***** Supplied records

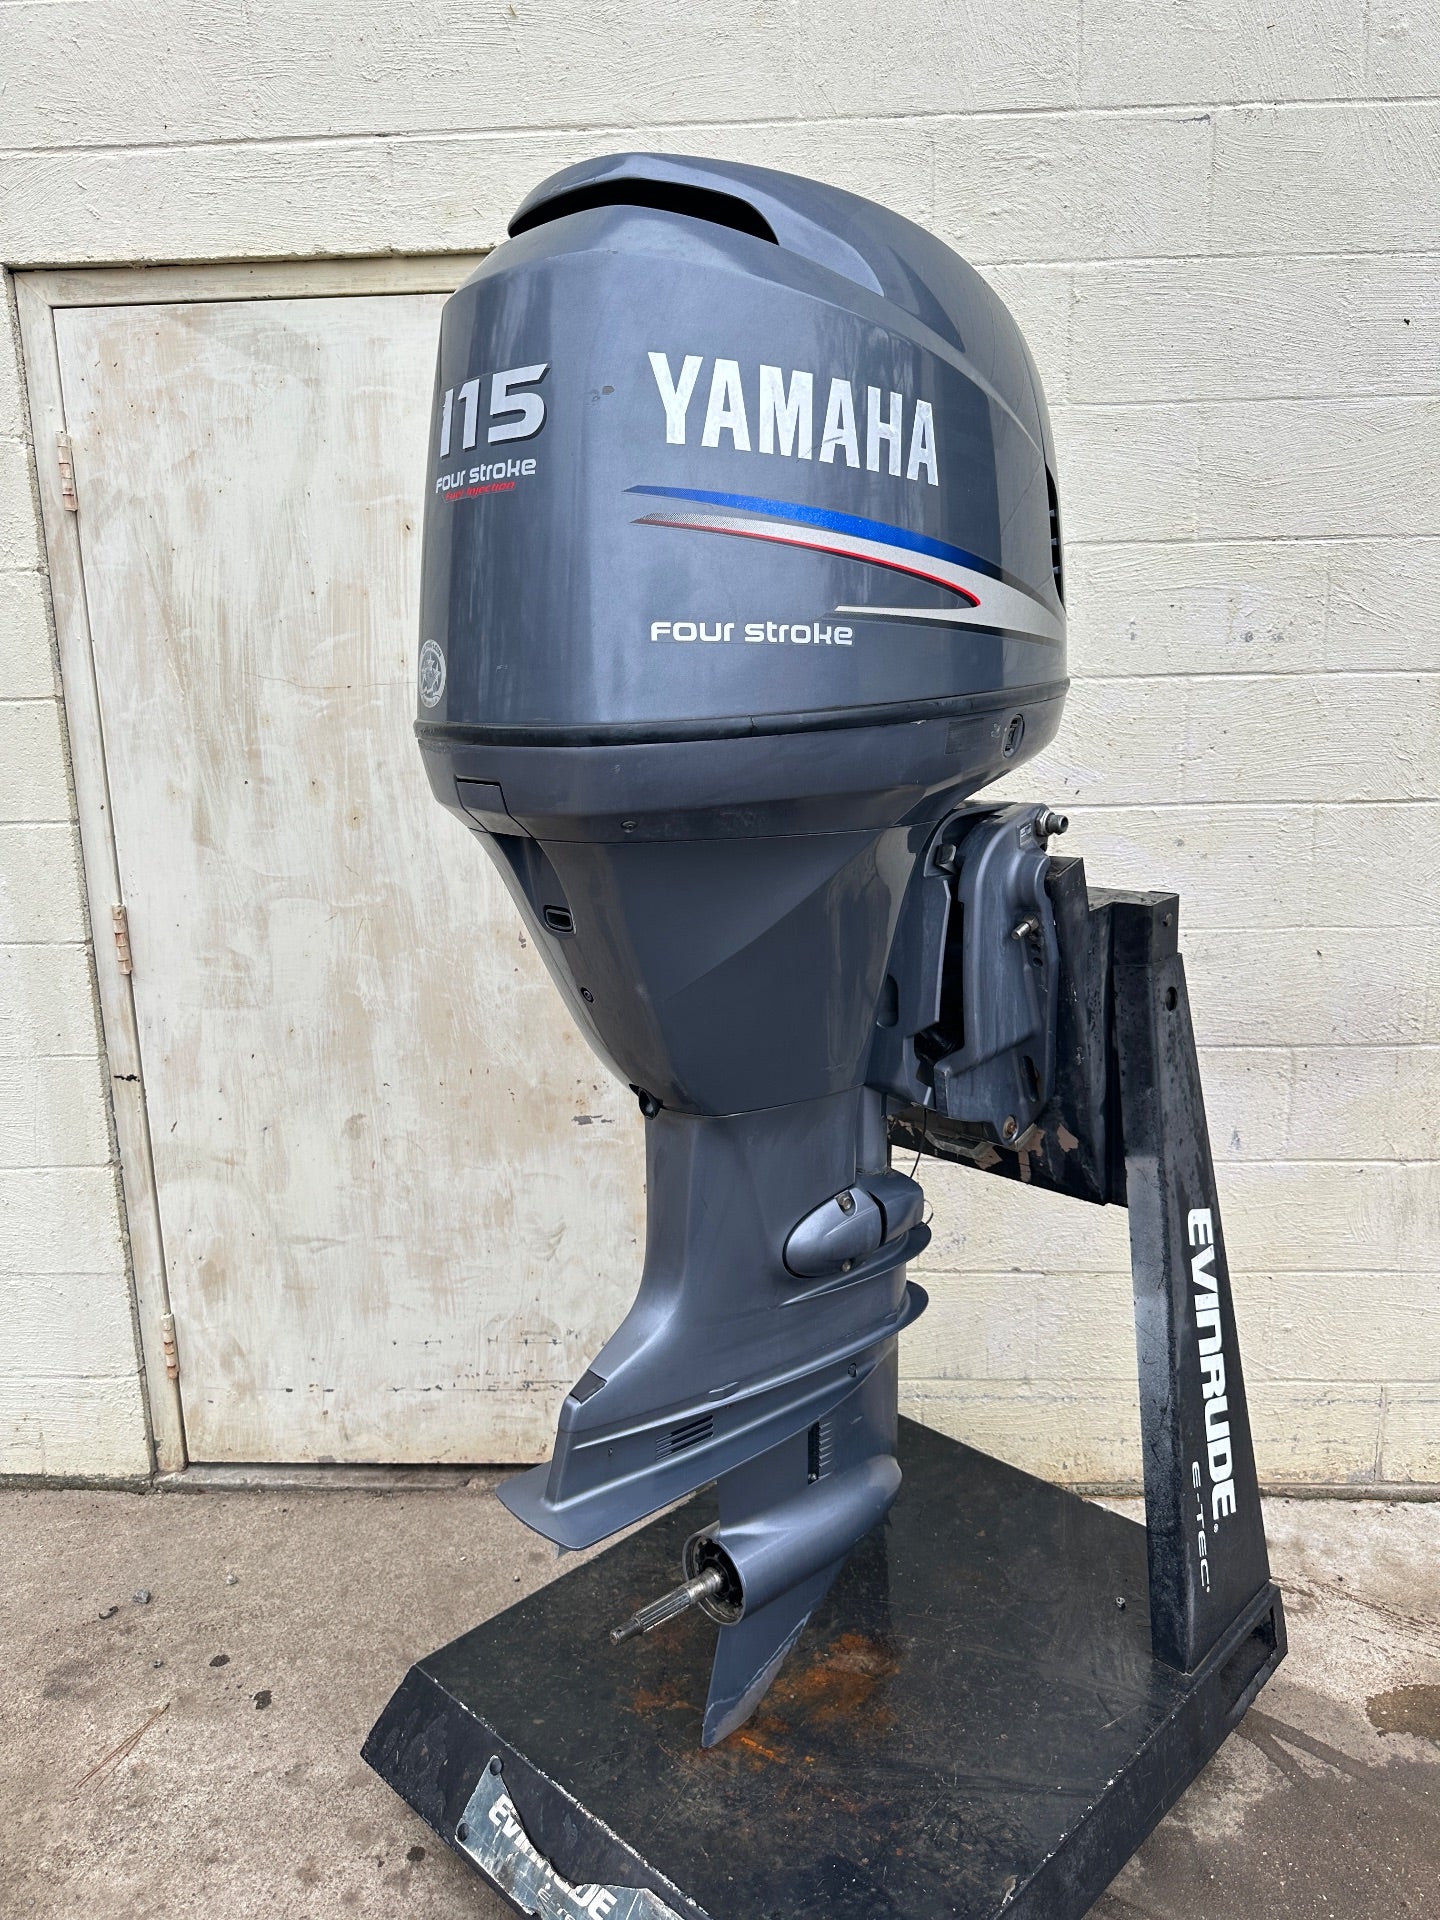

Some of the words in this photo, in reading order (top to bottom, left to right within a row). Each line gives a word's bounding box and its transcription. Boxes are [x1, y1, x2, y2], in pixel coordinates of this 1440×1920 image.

[439, 362, 549, 458] 115
[647, 351, 939, 487] YAMAHA
[744, 621, 853, 646] stroke
[1187, 1208, 1238, 1521] EVINRUDE
[1191, 1461, 1210, 1588] E-TEC
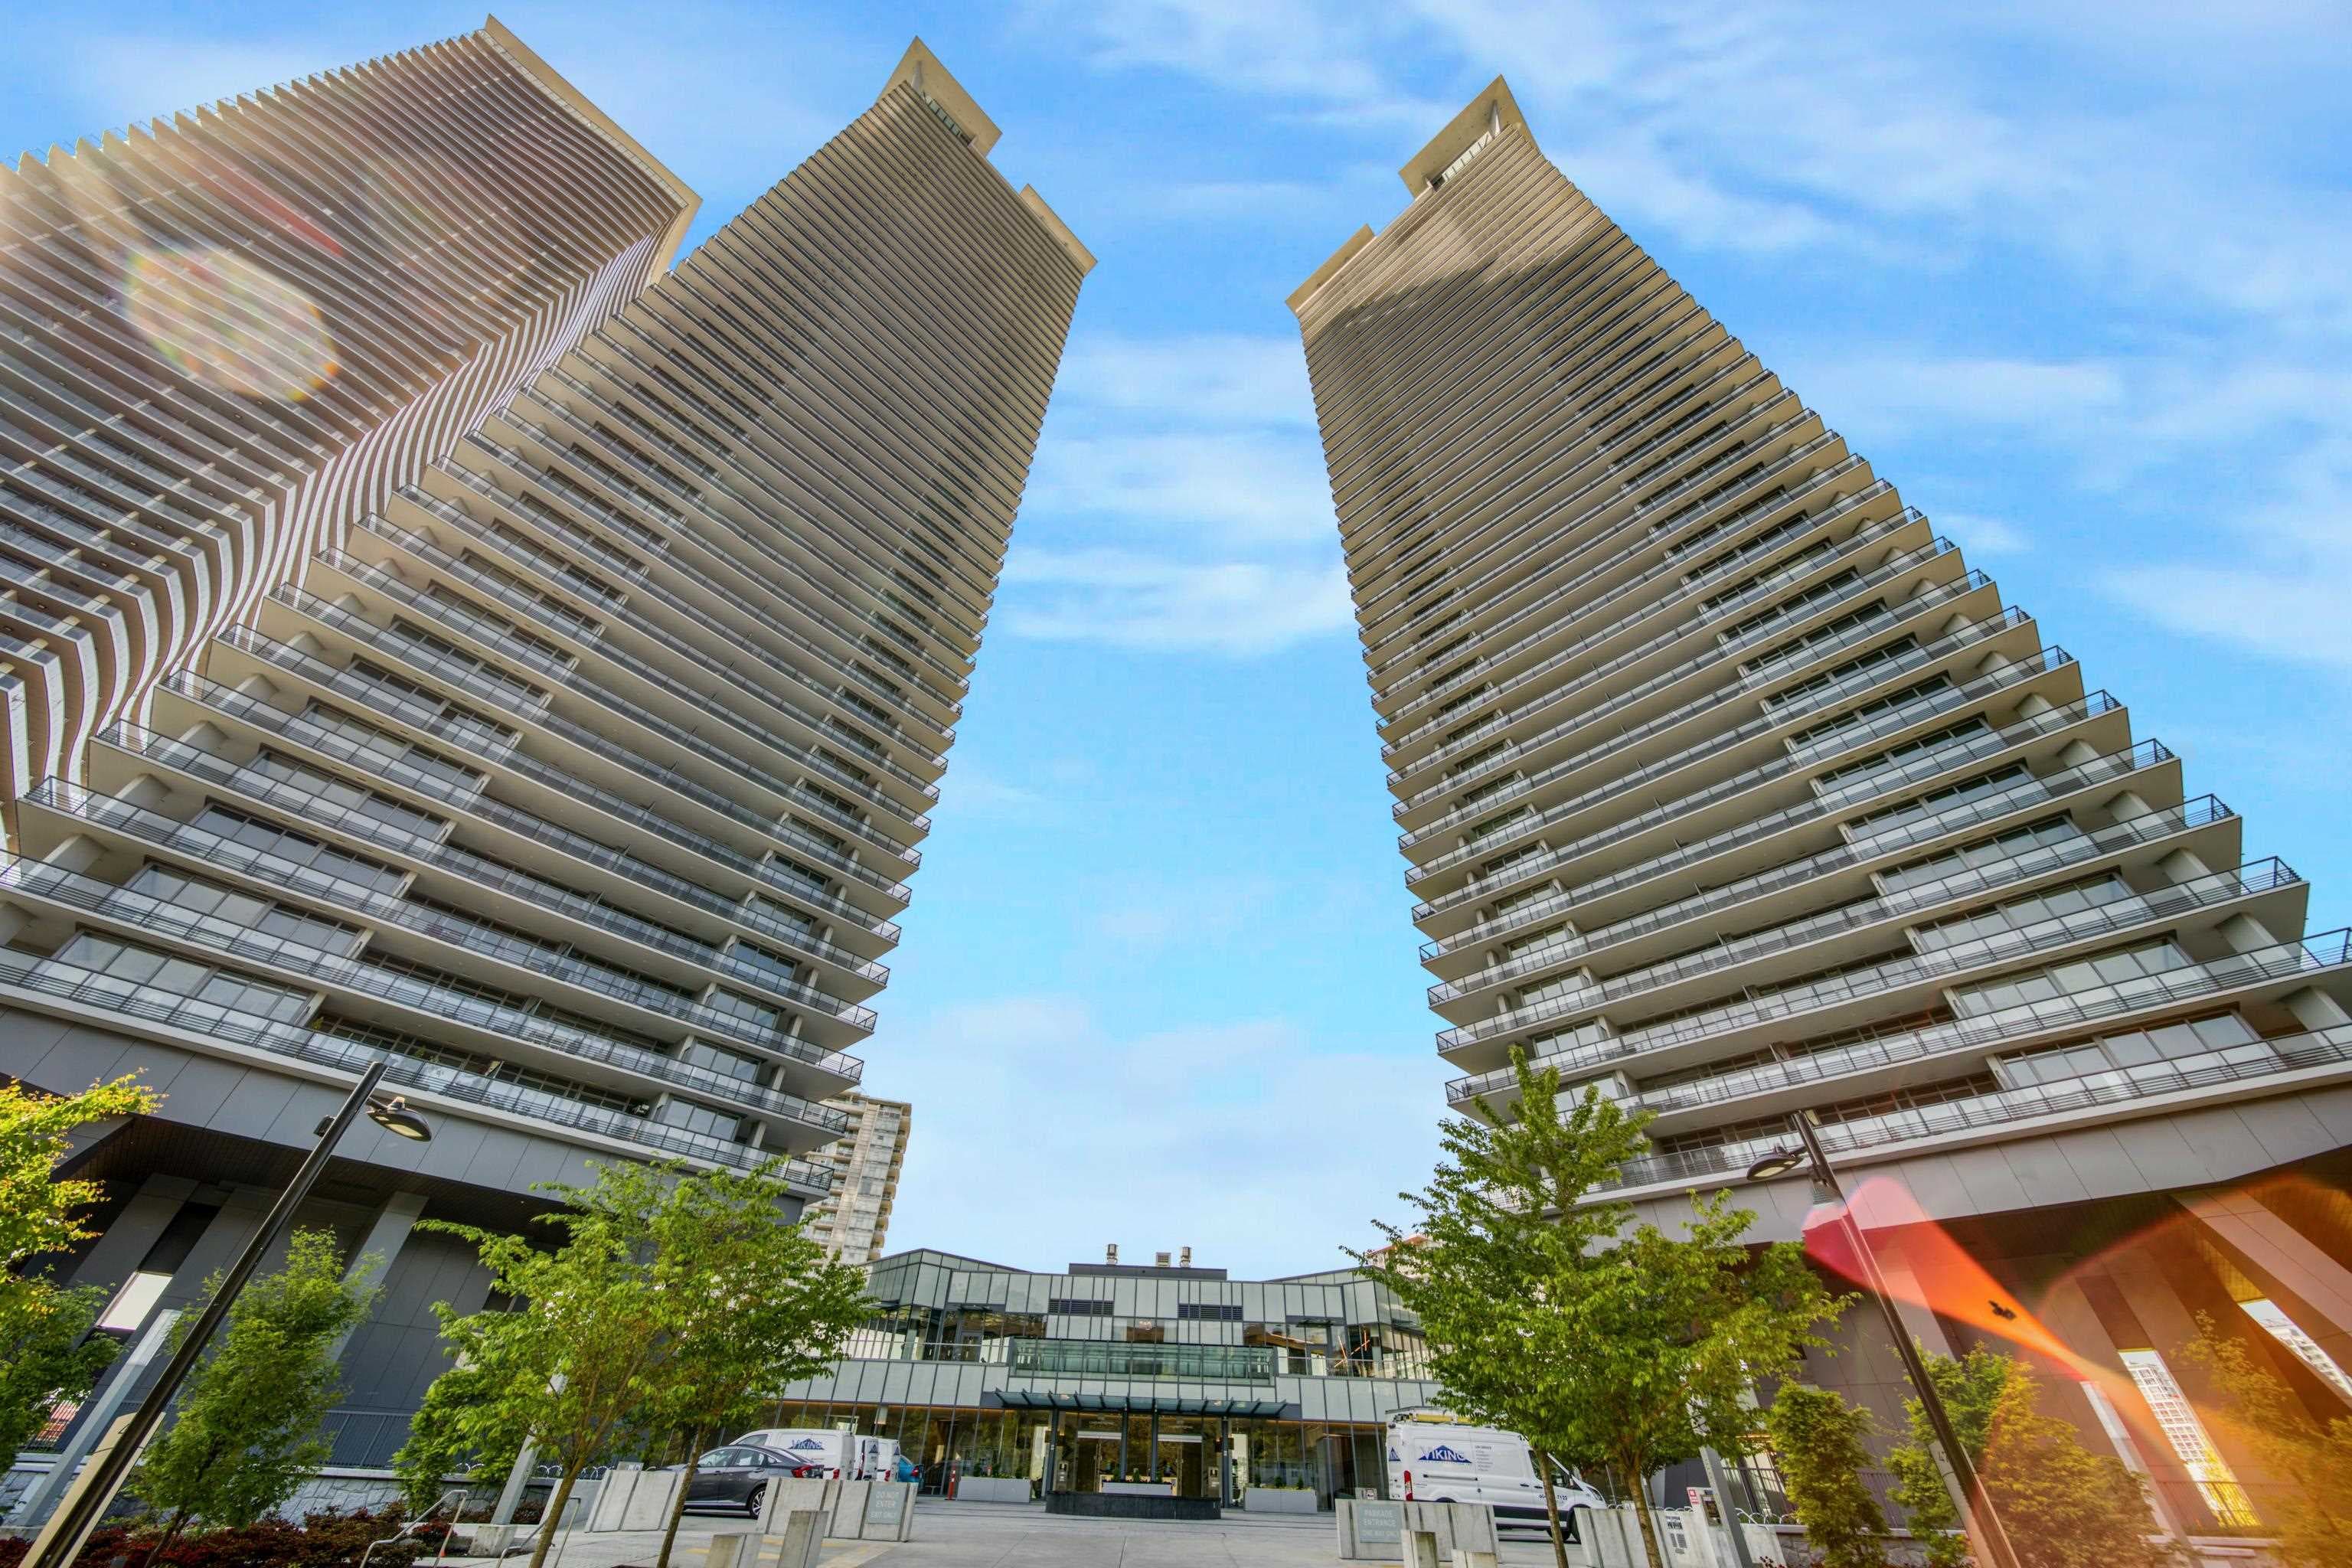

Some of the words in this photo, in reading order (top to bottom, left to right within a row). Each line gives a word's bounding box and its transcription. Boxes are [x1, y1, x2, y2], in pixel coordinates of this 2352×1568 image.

**********

* Assignment
From the first record to the last, copy everything exactly except the pictures.

* Answer section
Some of the words in this photo, in reading order (top to bottom, left to right within a row). Each line gives a word's bounding box and its transcription. Boxes are [x1, y1, x2, y2], in pixel coordinates of this 1440×1920 image.

[439, 362, 549, 458] 115
[647, 351, 939, 487] YAMAHA
[744, 621, 853, 646] stroke
[1187, 1208, 1238, 1521] EVINRUDE
[1191, 1461, 1210, 1588] E-TEC

Some of the words in this photo, in reading order (top to bottom, left to right within a row). Each line gives a word's bounding box and its transcription. Boxes are [x1, y1, x2, y2], in pixel coordinates of this 2352×1568 image.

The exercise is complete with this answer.